Caldaie: cosa fare per la manutenzione

 

La cura degli impianti di riscaldamento è fondamentale, sia per assicurarti il caldo in casa sia per consumare meno e non incappare in sanzioni. Verifica sempre con il tuo Comune o Provincia quali sono le scadenze previste dal regolamento.

Le regole:

Dall'aprile 2013 è operativo il regolamento DPR n. 74 in materia di controlli sull'efficienza energetica (diversi da quelli per la sicurezza) dei sistemi di climatizzazione (caldaie e condizionatori): impianti domestici (superiori ai 10 kW e inferiori a 100 kW di potenza) a combustibile liquido o solido: i controlli sono da fare ogni due anni; impianti domestici (superiori ai 10 kW e inferiori a 100 kW di potenza) a gas metano o GPL: i controlli sono da fare ogni quattro anni.

Eccezioni da valutare:

Tieni presente che esistono alcune eccezioni a queste regole generali: i nuovi intervalli di tempo entro cui è obbligatorio fare la manutenzione valgono nel caso in cui Regioni e Province Autonome non abbiano regolamentato la materia: molte Regioni (Liguria, Val d'Aosta, Piemonte, Lombardia, Trentino, Friuli Venezia Giulia, Emilia Romagna, Toscana, Puglia e Sicilia); la frequenza esatta dei controlli può essere definita (sotto i quattro anni) dal produttore dello specifico apparecchio ed eventualmente anche dallo stesso installatore; ricorda anche che le ispezioni di sicurezza sono diversamente regolamentate (DPR 412/93 e 59/1999, s.Lgs. 192/2005 e 311/2006) da Province e Comuni se con più di 40.000 abitanti.

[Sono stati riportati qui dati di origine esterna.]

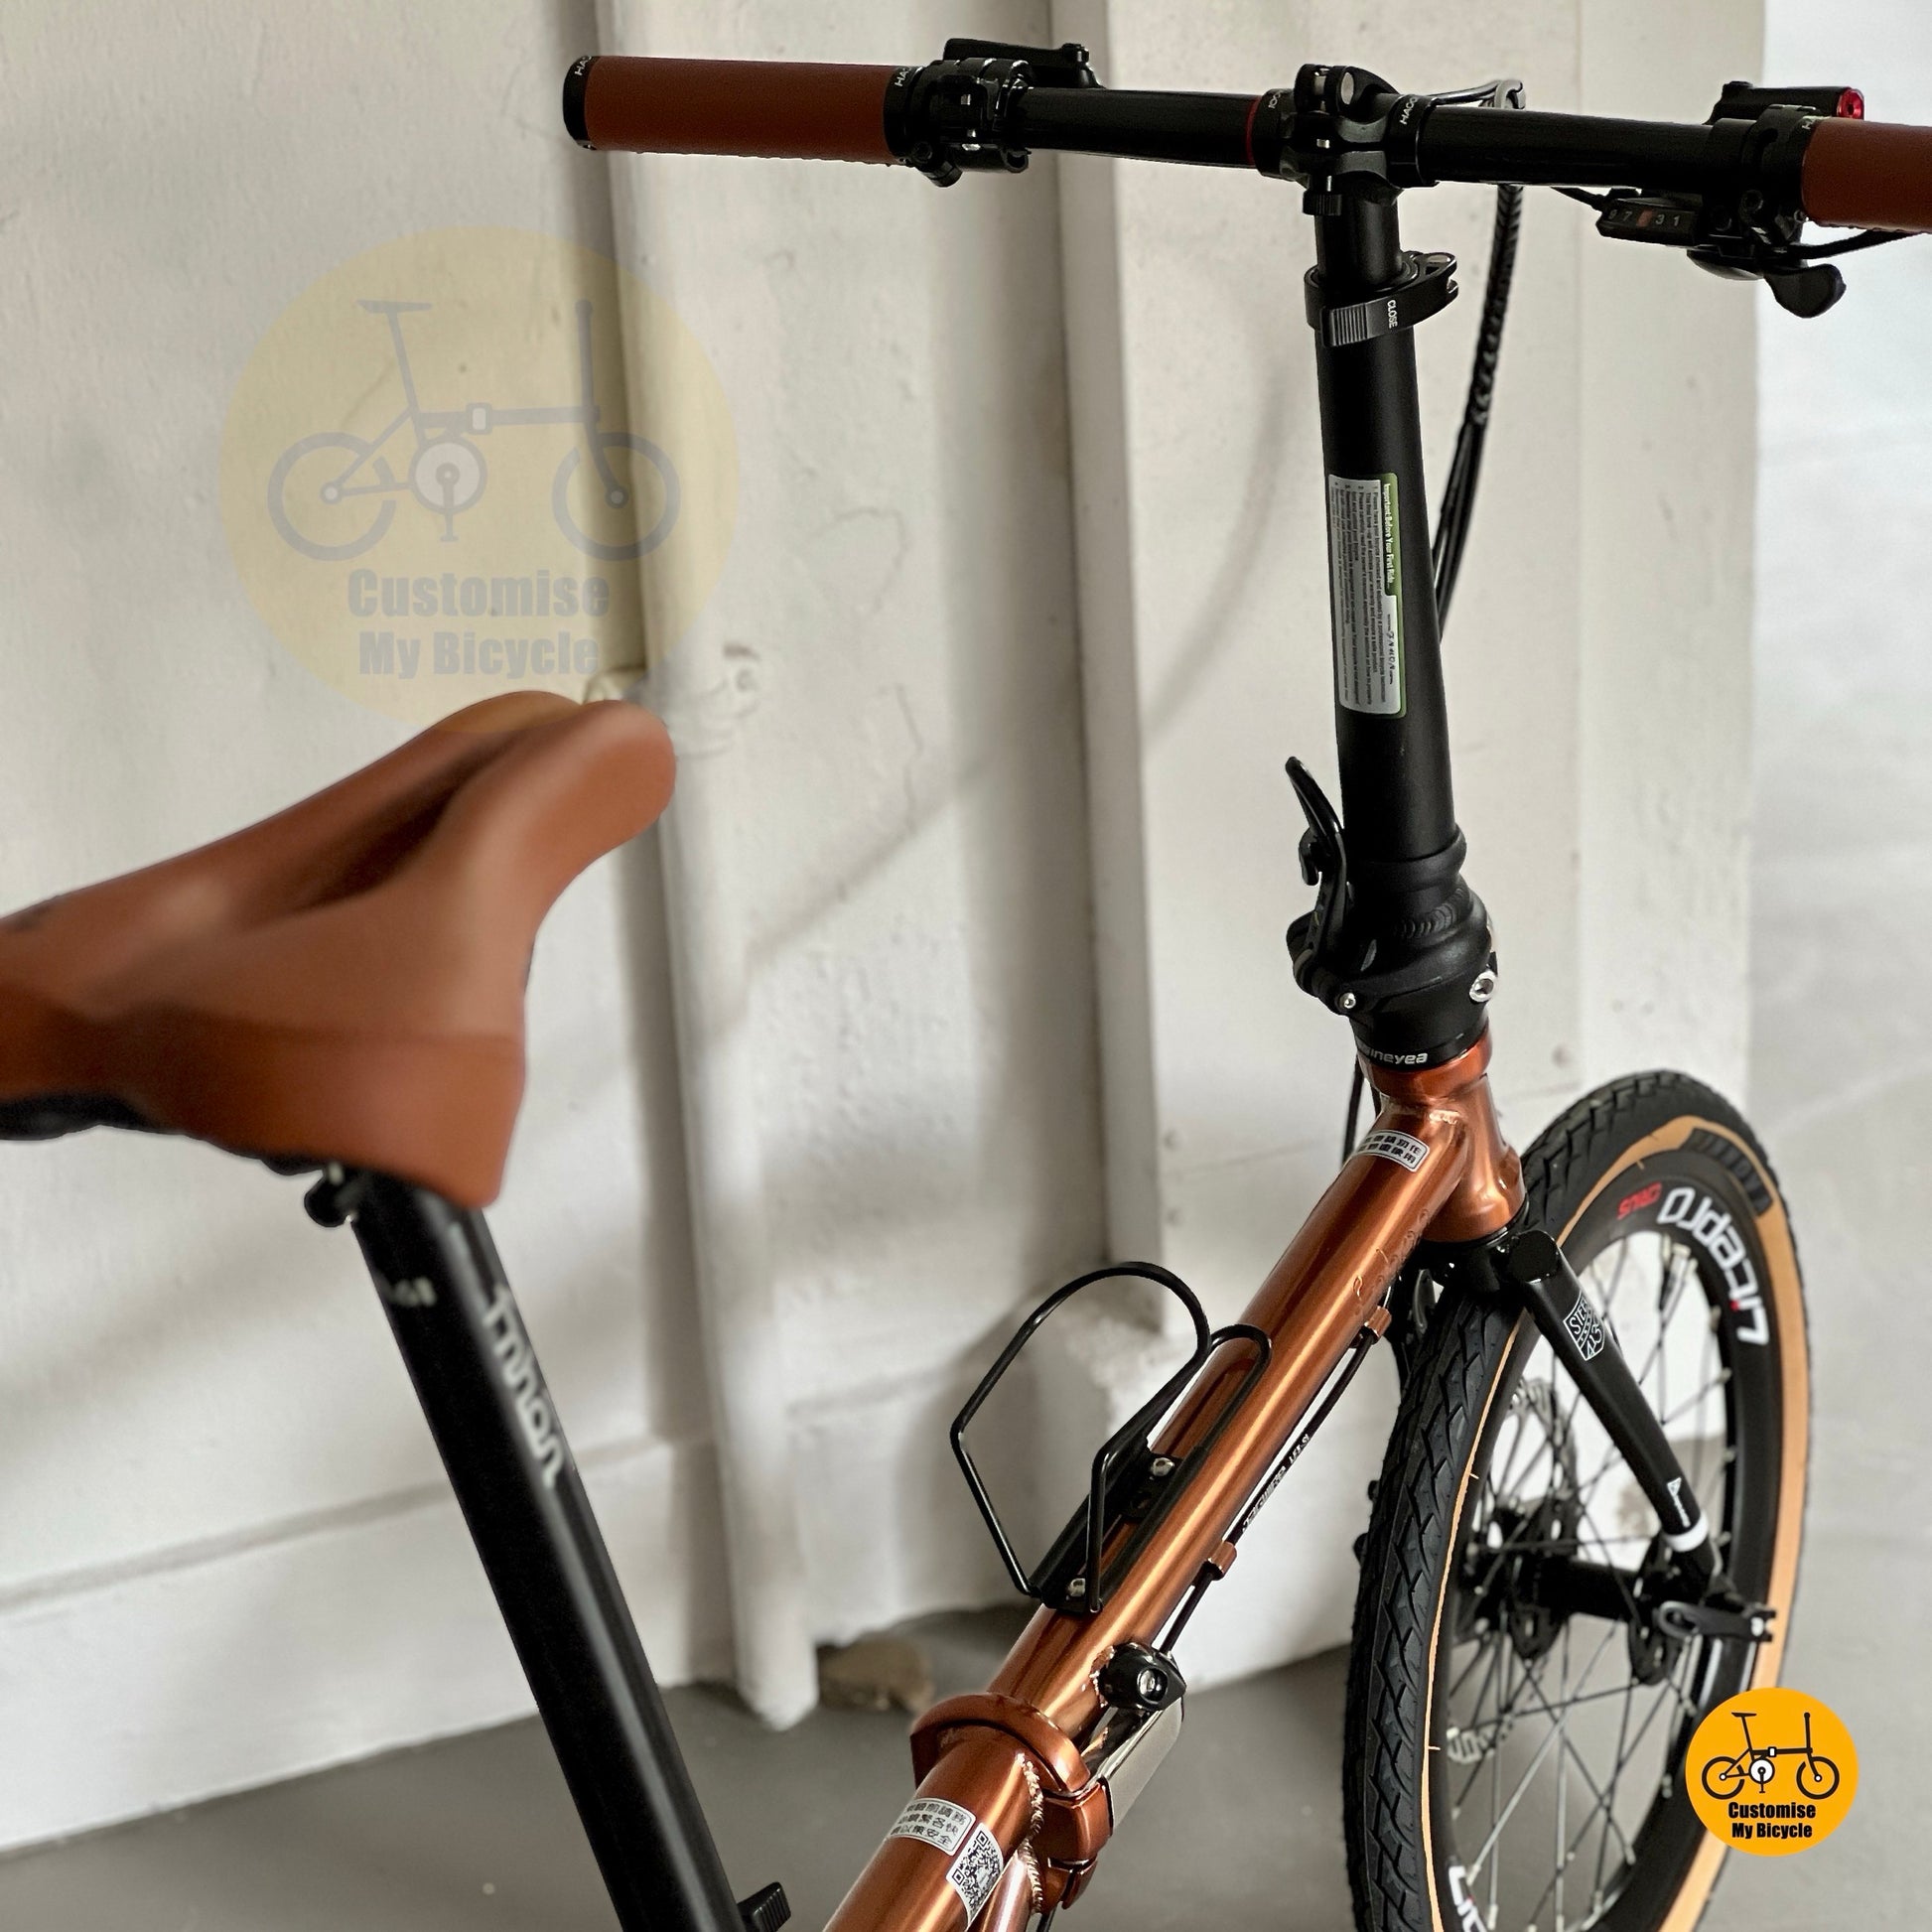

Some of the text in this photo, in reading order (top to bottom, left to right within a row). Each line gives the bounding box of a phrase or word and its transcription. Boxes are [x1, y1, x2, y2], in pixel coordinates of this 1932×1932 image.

Cosa fare per la caldaia domestica:

Se vivi in un Comune con più di 40mila abitanti, ti consigliamo di verificare sempre presso lo Sportello Energia dello stesso Comune o in alternativa in Provincia la frequenza degli interventi - compresa la manutenzione - da eseguire, nonché la burocrazia da rispettare (come tenere il libretto di manutenzione, eventuali bolli da acquistare per attestare l'intervento che è stato fatto, eventuali comunicazioni al Comune sulla manutenzione). Rispettare le scadenze previste per la manutenzione è importante per evitare eventuali sanzioni, spesso pecuniarie, regolamentate dai singoli Comuni. Sono proprio questi ultimi a fare i controlli a campione e - se si presentano - sei tu che devi dimostrare l'avvenuta manutenzione tramite il libretto di caldaia e le fatture (a meno che tu non viva in un condominio con riscaldamento centralizzato, in cui questi doveri spettano all'amministratore).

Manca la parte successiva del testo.